_About this exercise:_ Go to the line containing "this 1920×1080 image." in the records below and retype from there through the final line, exactly.

_Exercise materials:_
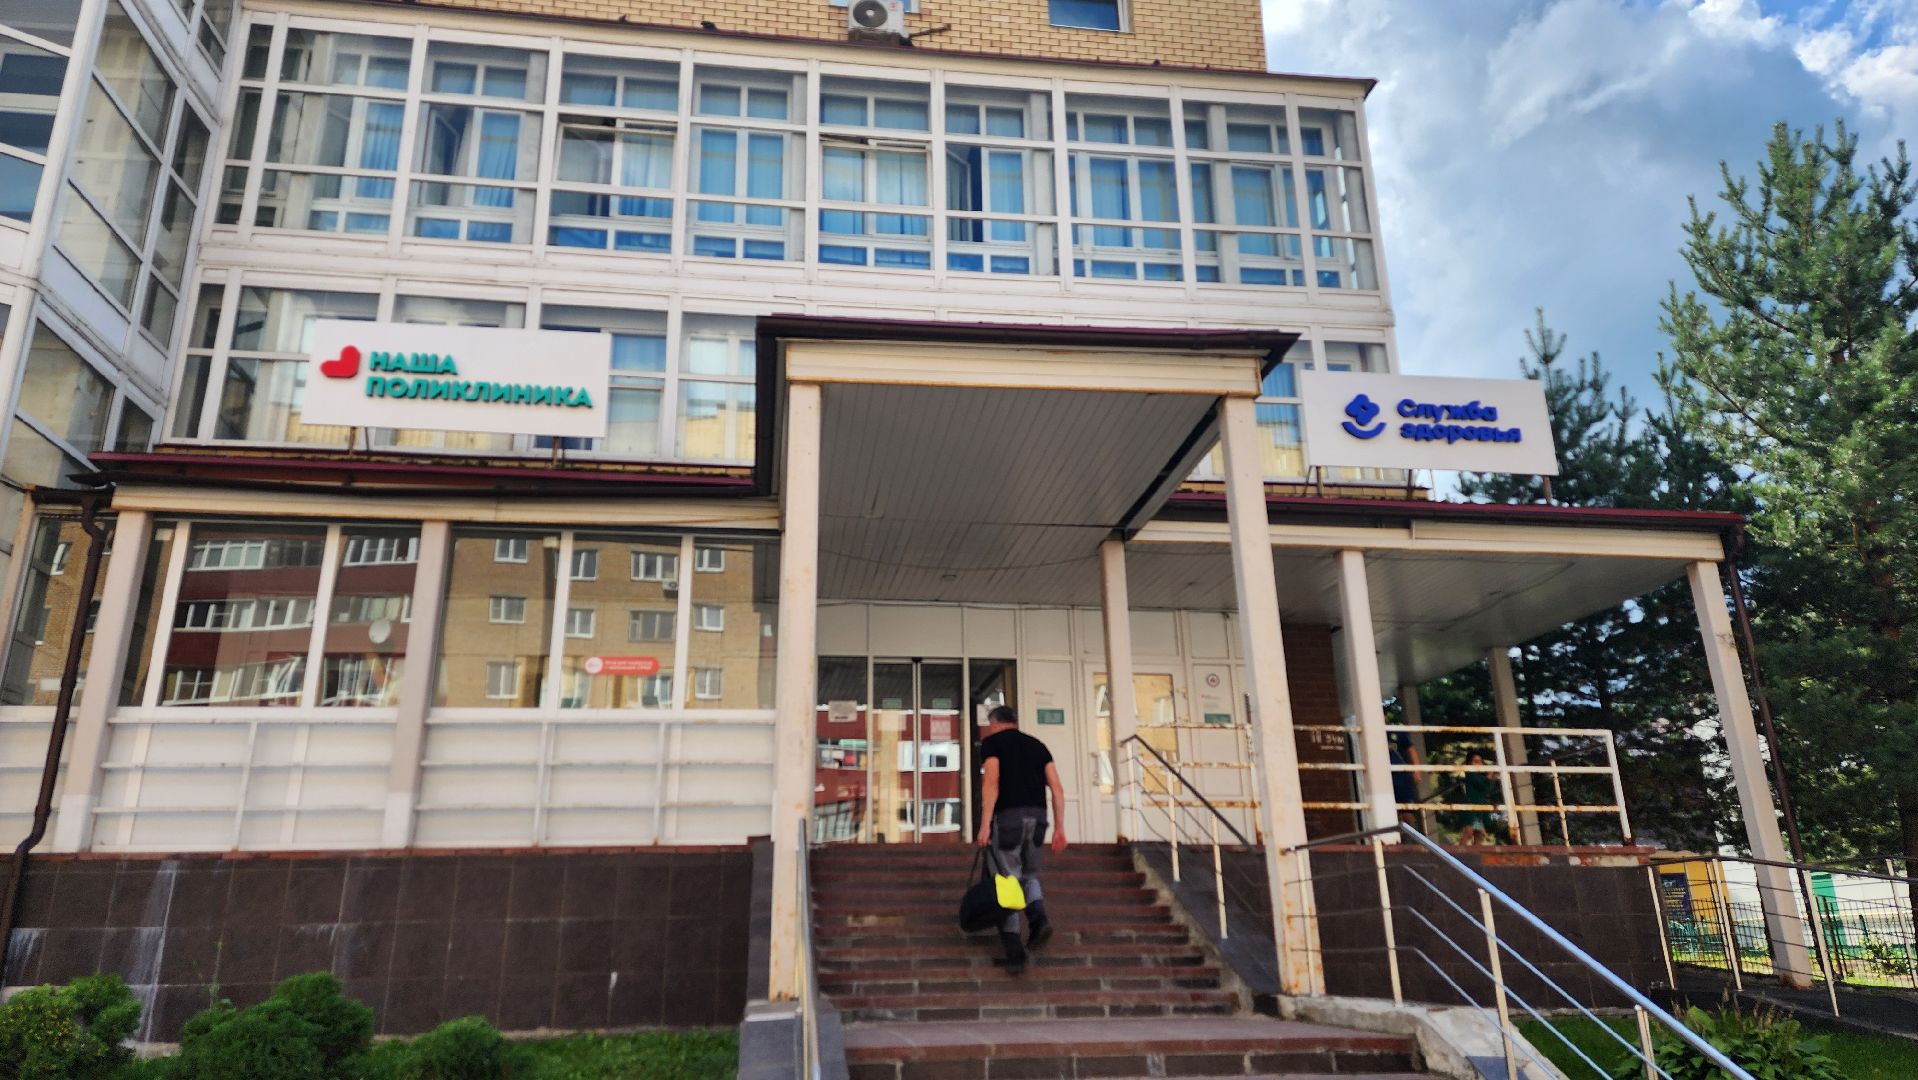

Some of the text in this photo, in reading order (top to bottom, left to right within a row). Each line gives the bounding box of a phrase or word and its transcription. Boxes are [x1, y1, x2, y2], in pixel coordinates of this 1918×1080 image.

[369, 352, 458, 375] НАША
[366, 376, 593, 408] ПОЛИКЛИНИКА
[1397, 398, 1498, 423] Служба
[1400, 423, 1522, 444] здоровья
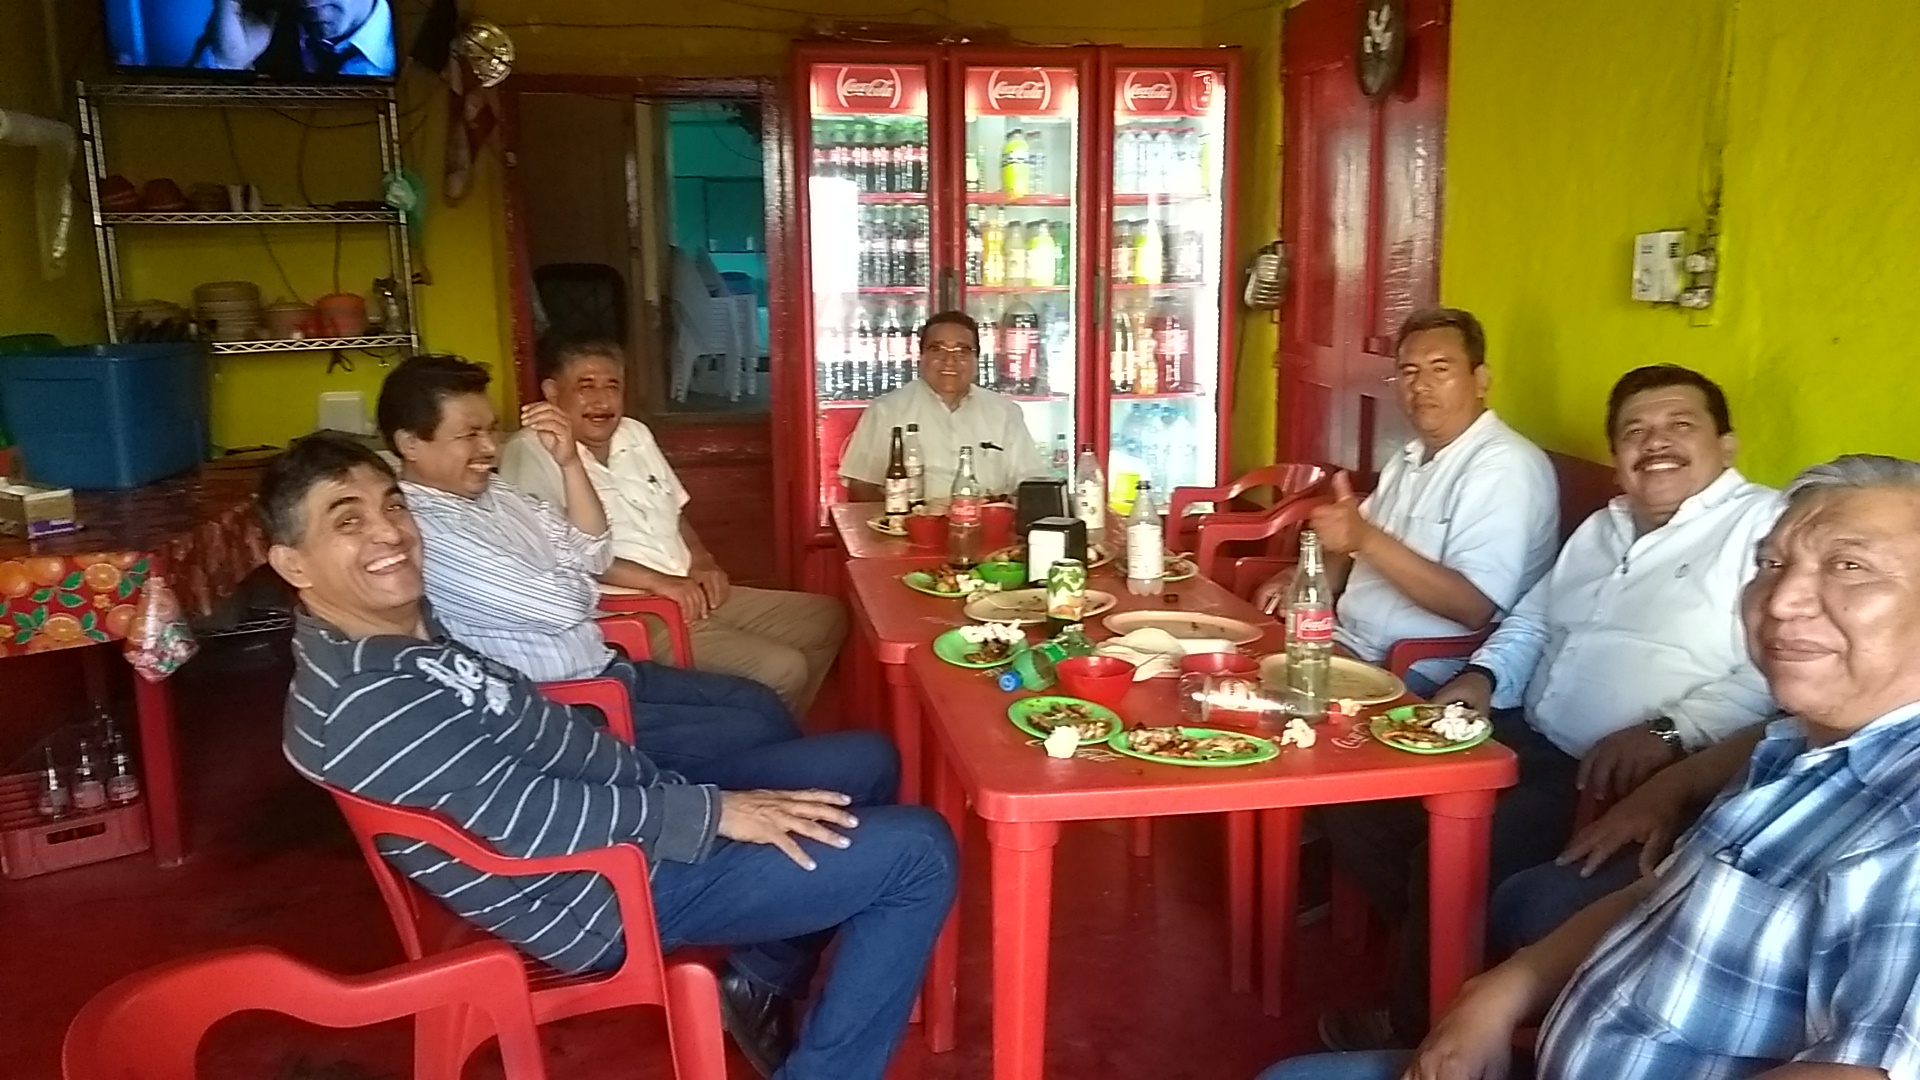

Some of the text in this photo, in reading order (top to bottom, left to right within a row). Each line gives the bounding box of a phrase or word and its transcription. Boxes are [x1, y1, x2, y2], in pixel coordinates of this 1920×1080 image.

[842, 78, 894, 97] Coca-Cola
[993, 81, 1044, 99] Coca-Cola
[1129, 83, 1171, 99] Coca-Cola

_Written reply:_
Some of the text in this photo, in reading order (top to bottom, left to right within a row). Each line gives the bounding box of a phrase or word and its transcription. Boxes are [x1, y1, x2, y2], in pixel coordinates of this 1920×1080 image.

[842, 78, 894, 97] Coca-Cola
[993, 81, 1044, 99] Coca-Cola
[1129, 83, 1171, 99] Coca-Cola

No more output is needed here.